Faut-il refaire son DPE en 2027 ?
Un DPE réalisé avant la réforme conserve sa validité. Bonne nouvelle : il est inutile de repayer un DPE pour bénéficier du nouveau calcul. Les DPE en cours de validité restent valables et une attestation de la nouvelle étiquette est générée gratuitement par l'ADEME (Observatoire du DPE), sans nouvelle visite ni nouveau diagnostic.
Avant toute démarche, deux réflexes utiles :
- Retenir la date d'entrée en vigueur du nouveau coefficient : le 1er janvier 2027 (arrêté du 19 août 2026).
- Vérifier votre rendement énergétique réel plutôt que de vous fier à la seule étiquette, surtout si vous visez à terme un DPE A.
Les sources officielles à consulter en priorité restent l'ADEME, le site service-public.fr et Légifrance pour les textes réglementaires.
Comment Dimo peut vous accompagner
Chez Dimo Diagnostic, nos diagnostiqueurs certifiés réalisent votre DPE selon la méthode réglementaire en vigueur. À compter du 1er janvier 2027, nos équipes appliqueront le nouveau mode de calcul et pourront vous indiquer si votre logement, notamment s'il est chauffé à l'électricité ou équipé d'énergies renouvelables, est susceptible de changer de classe.

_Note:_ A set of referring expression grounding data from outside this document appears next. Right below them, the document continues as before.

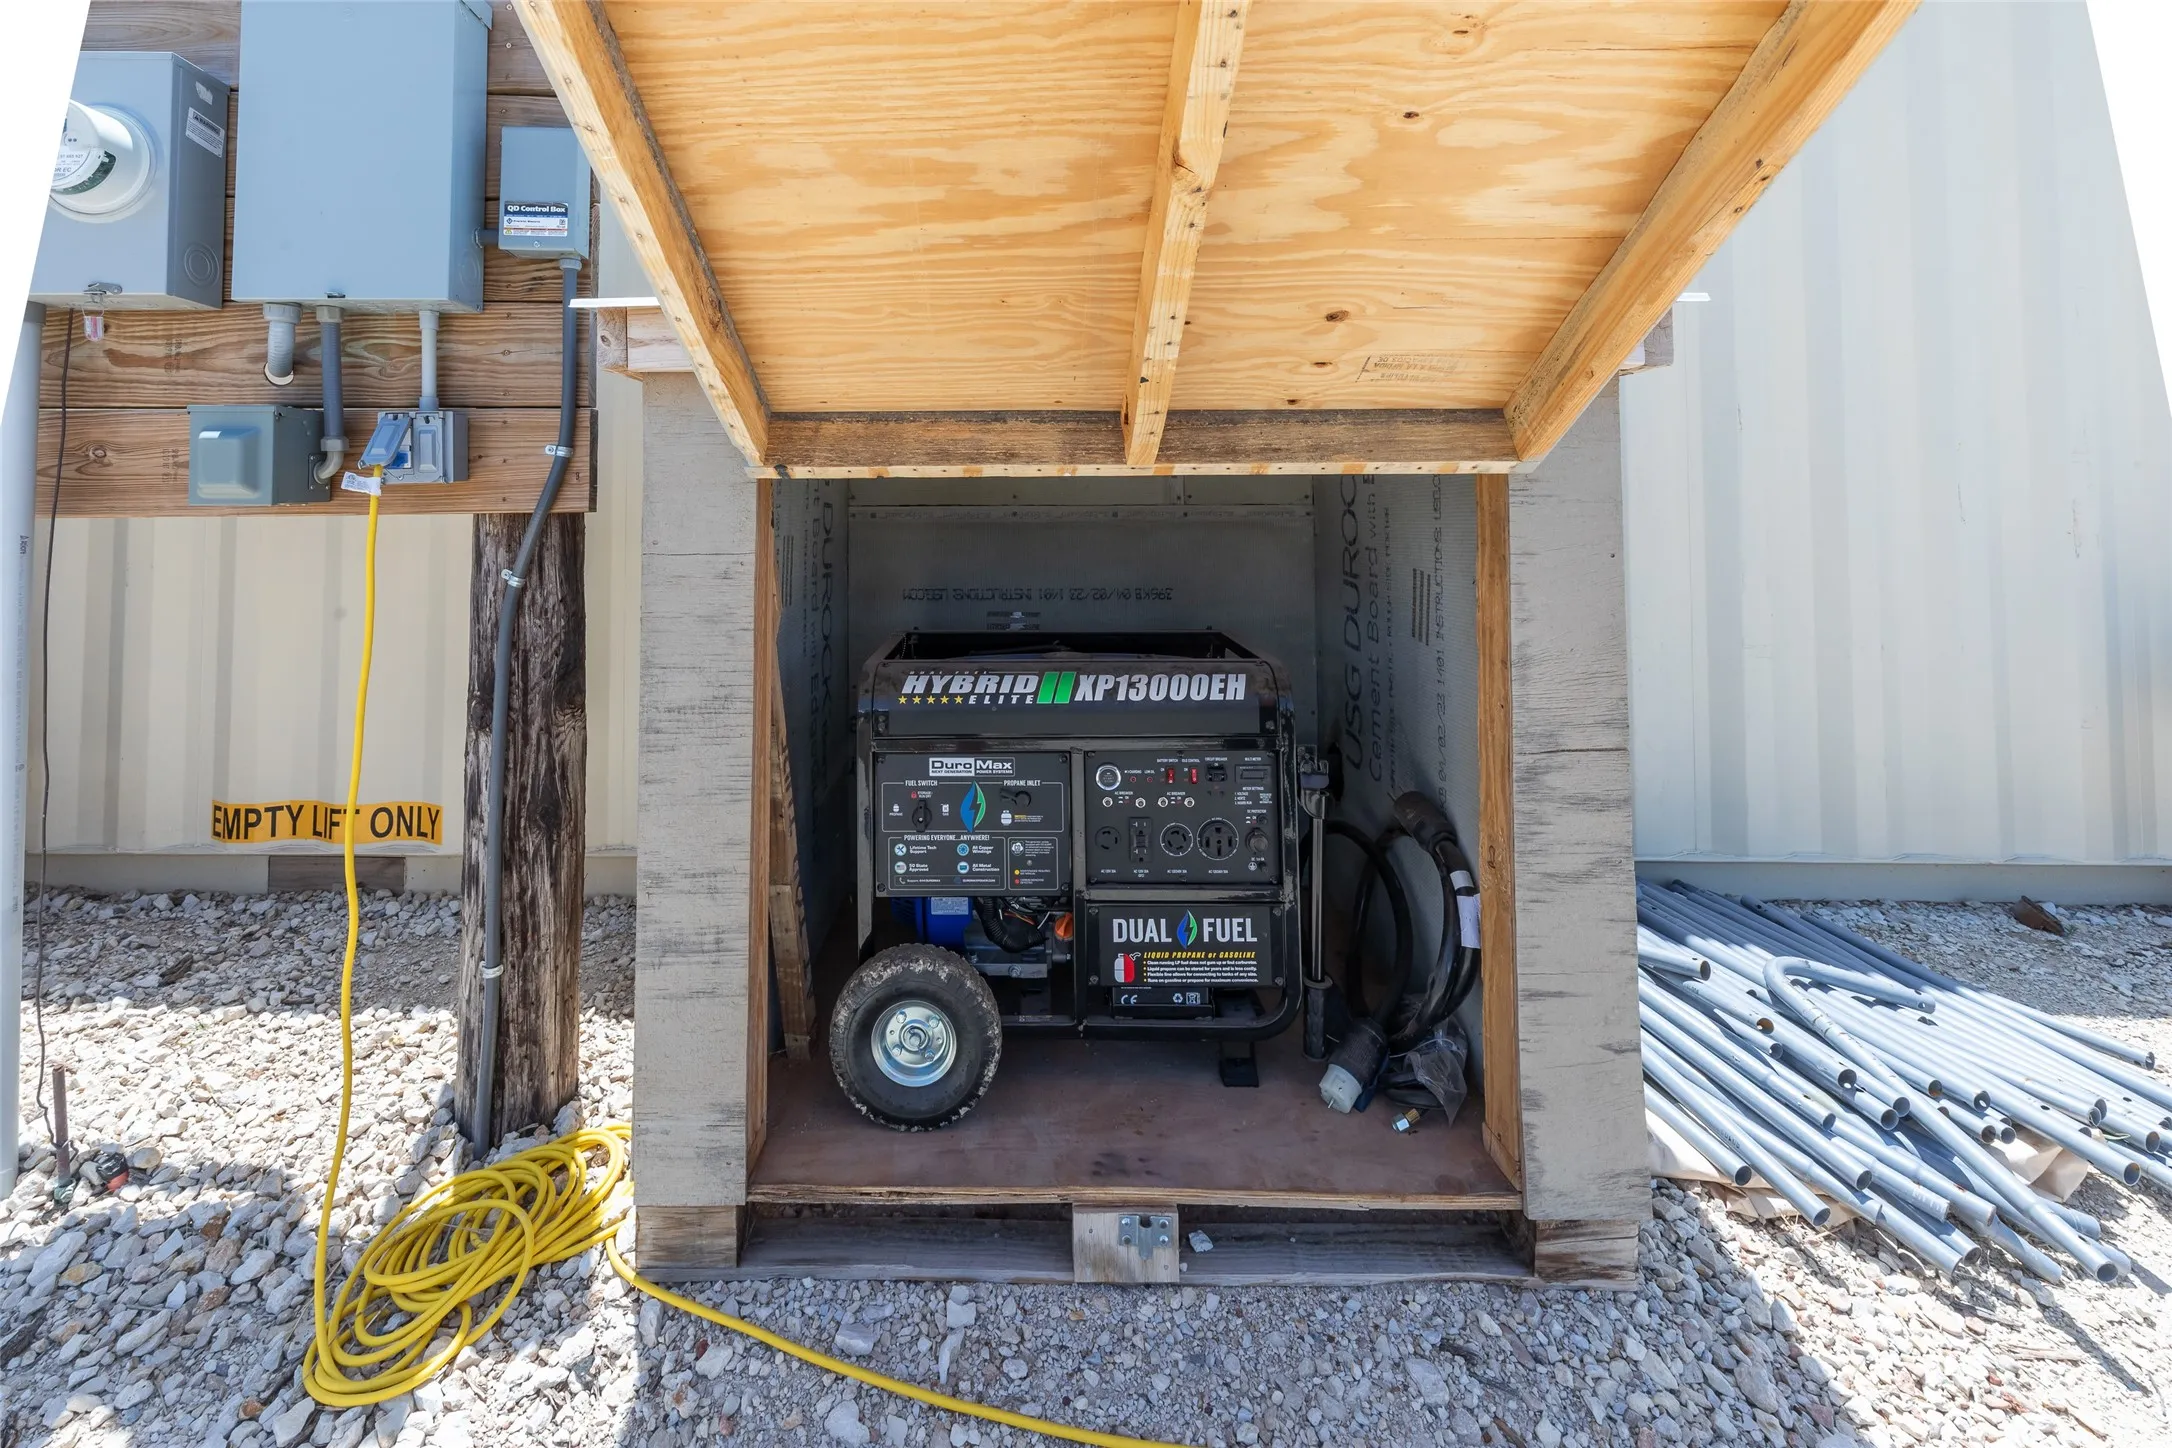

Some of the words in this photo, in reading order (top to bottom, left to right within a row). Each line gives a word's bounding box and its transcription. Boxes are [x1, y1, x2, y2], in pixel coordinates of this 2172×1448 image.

[1365, 493, 1377, 542] with
[811, 518, 821, 611] Board
[1340, 474, 1362, 653] DUROC
[1365, 546, 1380, 644] Board
[901, 675, 1039, 694] HYBRID
[1074, 674, 1246, 701] XP13000EH
[968, 695, 1034, 704] ELITE
[1344, 666, 1363, 770] USG
[1366, 655, 1381, 783] Cement
[931, 761, 1012, 769] DuroMax
[212, 804, 304, 840] EMPTY
[312, 805, 360, 839] LIF
[370, 805, 440, 840] ONLY
[1113, 918, 1172, 943] DUAL
[1203, 918, 1258, 942] FUEL
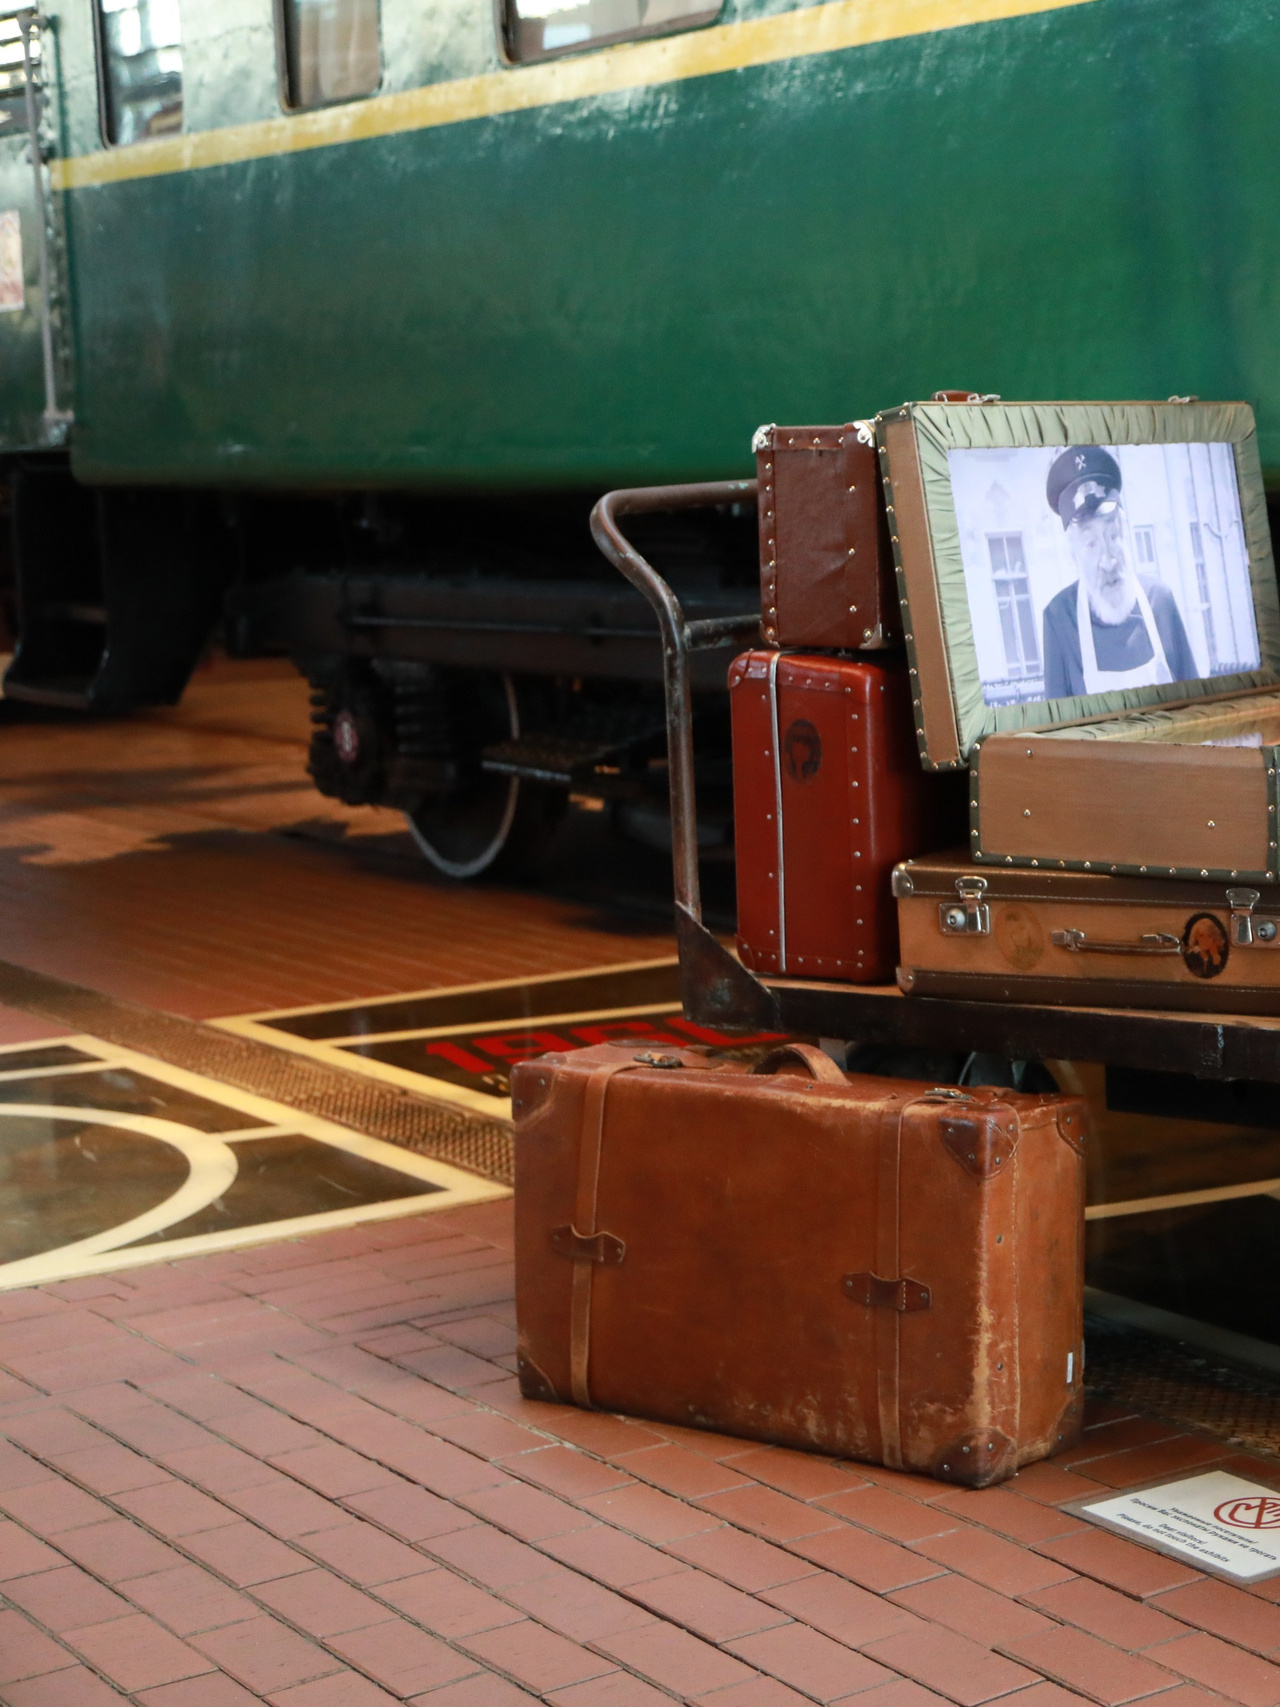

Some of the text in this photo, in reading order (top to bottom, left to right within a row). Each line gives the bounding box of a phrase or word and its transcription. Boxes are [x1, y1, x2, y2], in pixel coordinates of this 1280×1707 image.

[1130, 1498, 1159, 1511] Просим
[1170, 1515, 1211, 1532] экспонаты
[1249, 1547, 1277, 1560] трогать
[1158, 1523, 1208, 1545] Dear visitors!
[1168, 1507, 1212, 1526] Уважаемые
[1116, 1513, 1142, 1525] Please,
[1164, 1533, 1187, 1543] touch
[1185, 1542, 1201, 1550] the
[1198, 1548, 1230, 1562] exhibits

Nous pouvons aussi vous conseiller sur l'opportunité de refaire votre diagnostic en fonction de votre projet de vente ou de location.
- L'arrêté du 19 août 2026 abaisse le coefficient de l'électricité de 1,9 à 1,7 à compter du 1er janvier 2027, ce qui modifie le calcul des classes.
- L'arrêté du 11 juin 2026 ajoute des mentions sur l'étiquette (dont A0) et l'affichage de la production d'énergies renouvelables, sans changer le calcul des classes.
- Jusqu'à environ 300 000 logements classés F ou G pourraient sortir du statut de passoire thermique sans travaux, selon une estimation de la presse spécialisée à confirmer.
- Inutile de repayer un DPE : les DPE en cours de validité restent valables et l'ADEME génère gratuitement l'attestation de la nouvelle étiquette, sans visite.